= Lumia art =

Form of art that uses light

Lumia is a form of art that uses light; originally associated with music but was later associated with painting. The term was coined by a twentieth-century artist, Thomas Wilfred. In the early twentieth century, artists began to promote colors and light together in their works. Wilfred worked towards establishing lumia as a new form of art, but the medium has yet to achieve popular recognition.

== Thomas Wilfred ==

Thomas Wilfred (1889–1968) was the first artist in the United States to use light as the sole means of expression for his artwork. He consistently used colored light in his works. Wilfred was born in Denmark in 1889 and immigrated to the U.S. in 1916. Wilfred explored light and color in art as early as 1905. In 1921, Wilfred created his first portable clavilux, a machine that allowed for the creation and performance of lumia.
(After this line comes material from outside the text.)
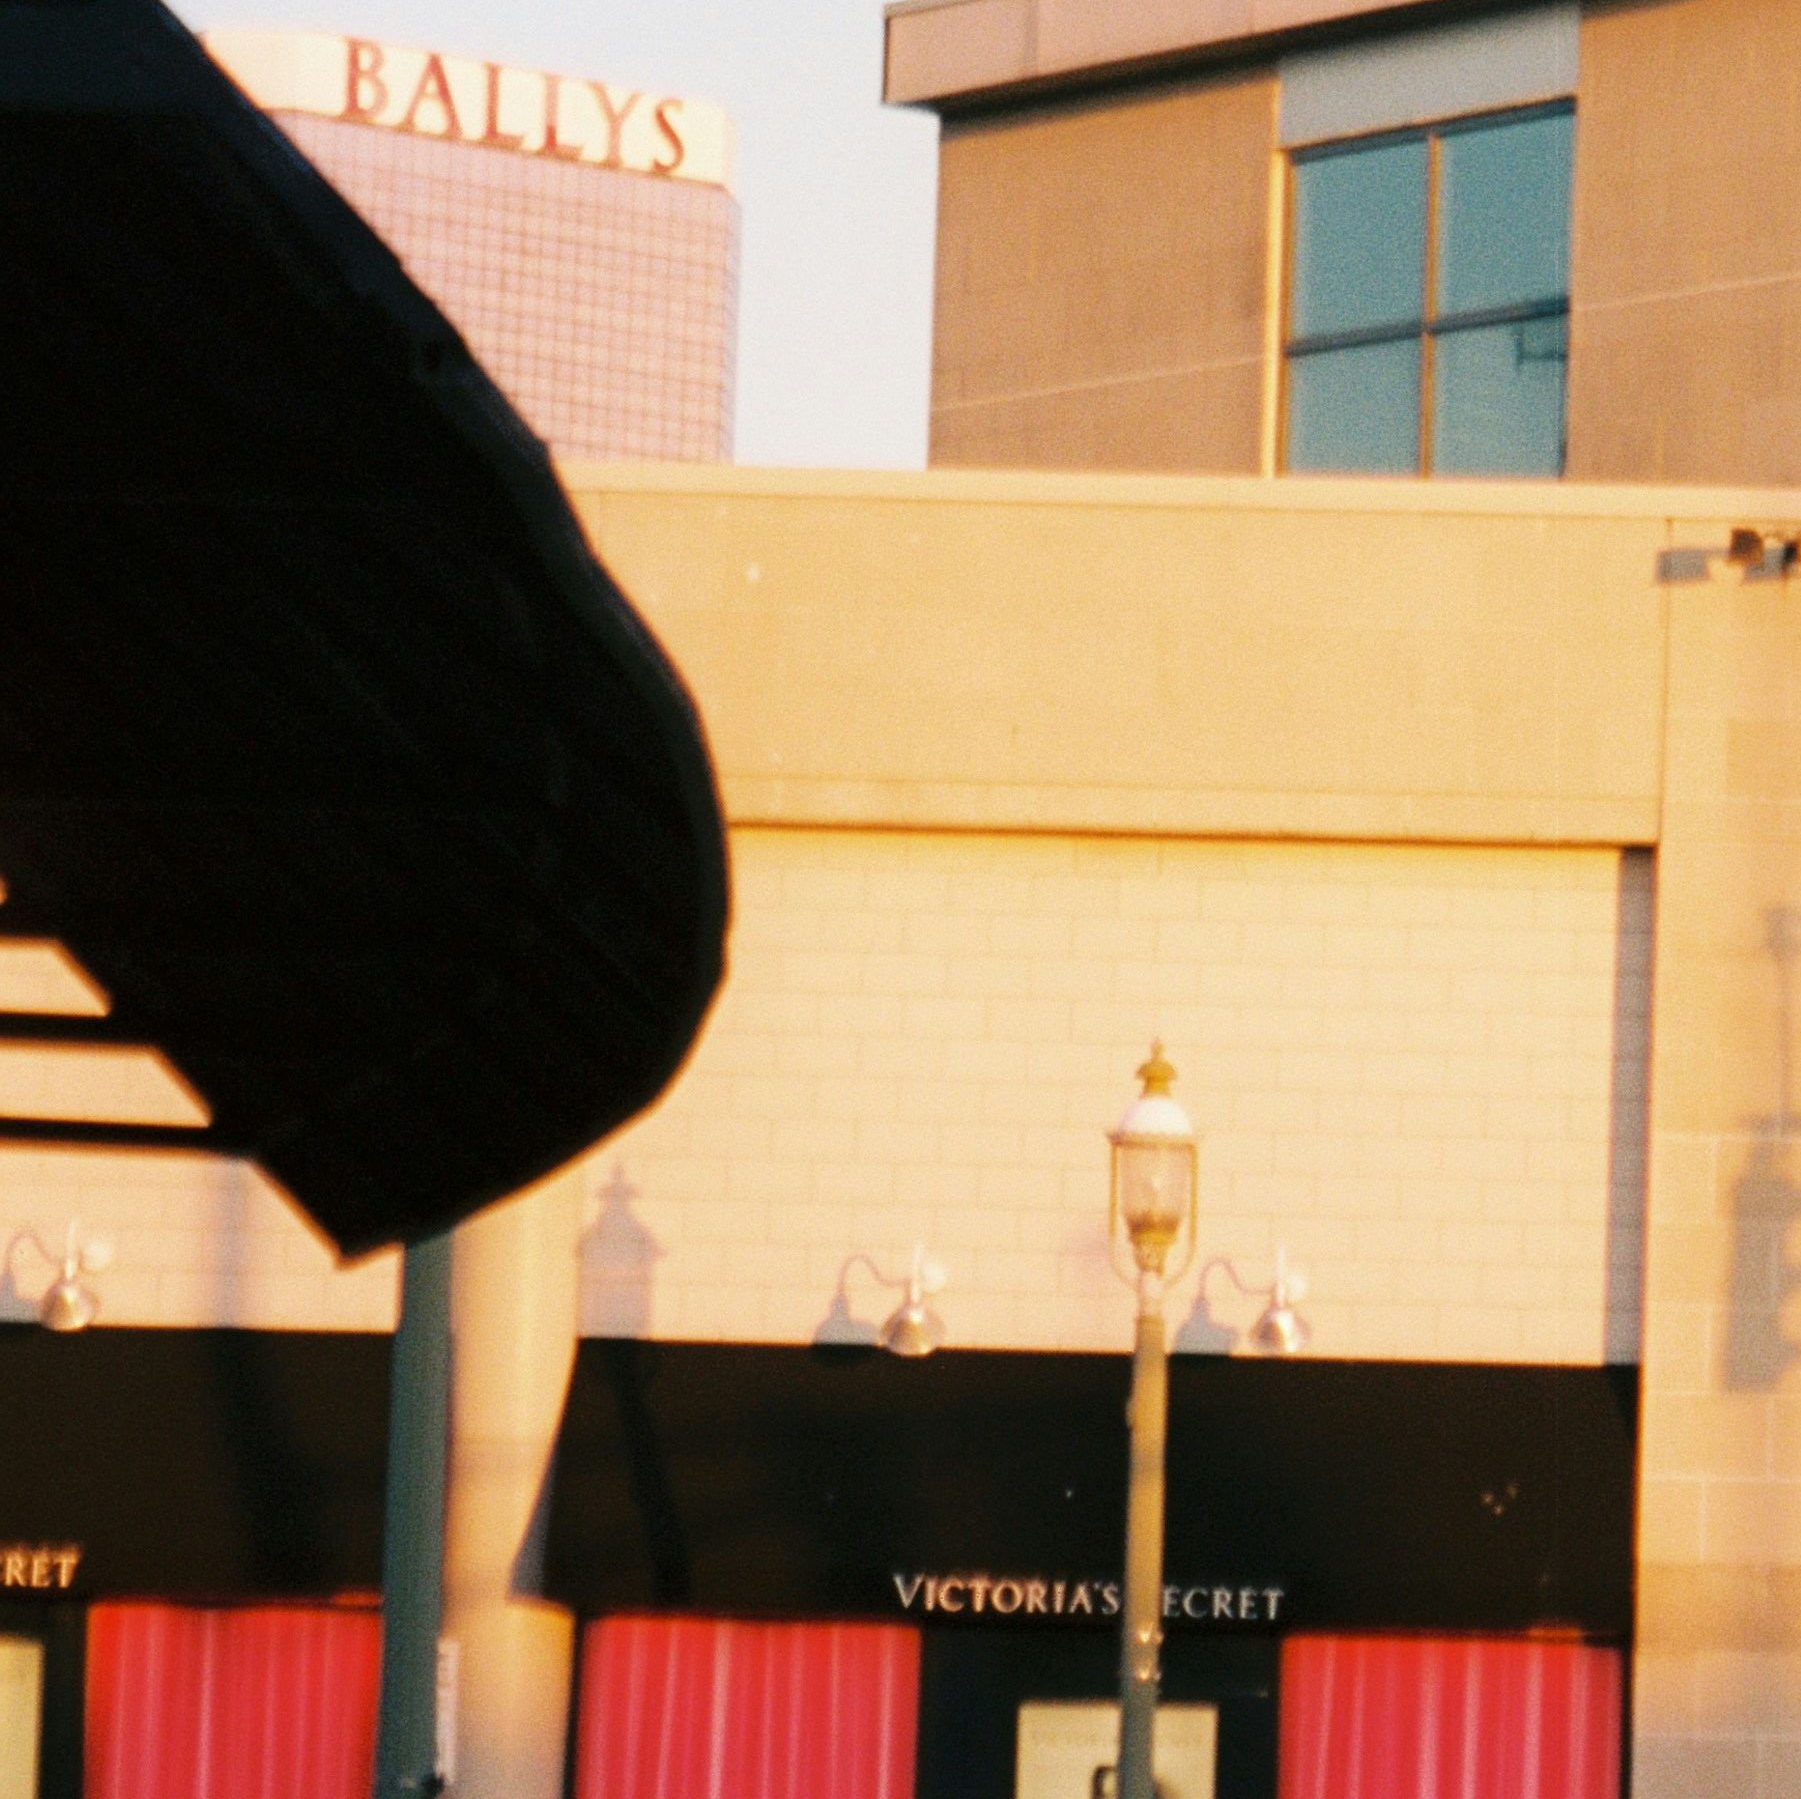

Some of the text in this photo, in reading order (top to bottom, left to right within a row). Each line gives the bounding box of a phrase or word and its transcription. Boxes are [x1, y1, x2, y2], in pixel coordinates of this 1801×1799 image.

[338, 37, 686, 177] BALLYS
[893, 1572, 1284, 1621] VICTORIA'S ECRET
Clavilux is a term in Latin that means "light played by key". In 1930 Wilfred founded a center for research in lumia, the Art Institute of Light. The institute closed down during World War II. In the early 1930s, he shifted from accompanying musical performances to using the light organ in galleries and painting exhibitions. Wilfred planned to turn lumia into a formal art form, an "eighth art"; Wilfred wanted lumia to be its own art form of expression.

== Lumia ==
The three main elements of lumia, defined by Wilfred, are form, color, and motion in a dark space. The most important are said to be form and motion. Wilfred's original contribution to lumia was the introduction of a fourth dimension - time. Since 1924, lumia accompanied music, dance, and drama.

=== Musical aspects ===
In a musical sense, lumia is used to accompany music by adding a visual effect. Wilfred mentioned that Lumia has three factors, "Form, color, and motion are the three basic factors in lumia - as in all visual experience - and form and motion are the two most important."

==== Clavilux ====

A term also coined by Thomas Wilfred to refer to his invention that allowed the creation and performance of lumia. Clavilux means "light played by key" in Latin. A term used by other artists was color organ.

==== Light organ ====

Louis-Bertrand Castel invented the first light organ in the seventeenth century. For more information check light organ or color organ.

=== Painting aspects ===
There are different forms of art that use light as a medium:

==== Light art ====

Light art is an art form that focuses on the expression of light. Light art includes stained glass which transmits light through colored glass. This type of art dates back to the 4th century. This art is found in churches and mosques with stained glass windows. Another used of light art is shadow puppetry in which shadows can create moving images. This art can be dated back to 380 BC by the use of Plato in his allegory of the cave. Light art is even used in modern photography and motion pictures which uses artificial light to help captures images. Artists recognized for their use of light include James Turrell, Robert Irwin, Dan Flavin, Grimanesa Amorós, Bruce Nauman, Jenny Holzer, Leo Villareal, Mel and Dorothy Tanner, and George Stadnik.

==== Light painting ====

Light painting is a term used for a photographic technique. It is done by moving a light source or the camera while taking a long exposure photograph to produce a light painting. This creates a photograph that looks like it was painted with light. Painting with a light source dates back to 1889.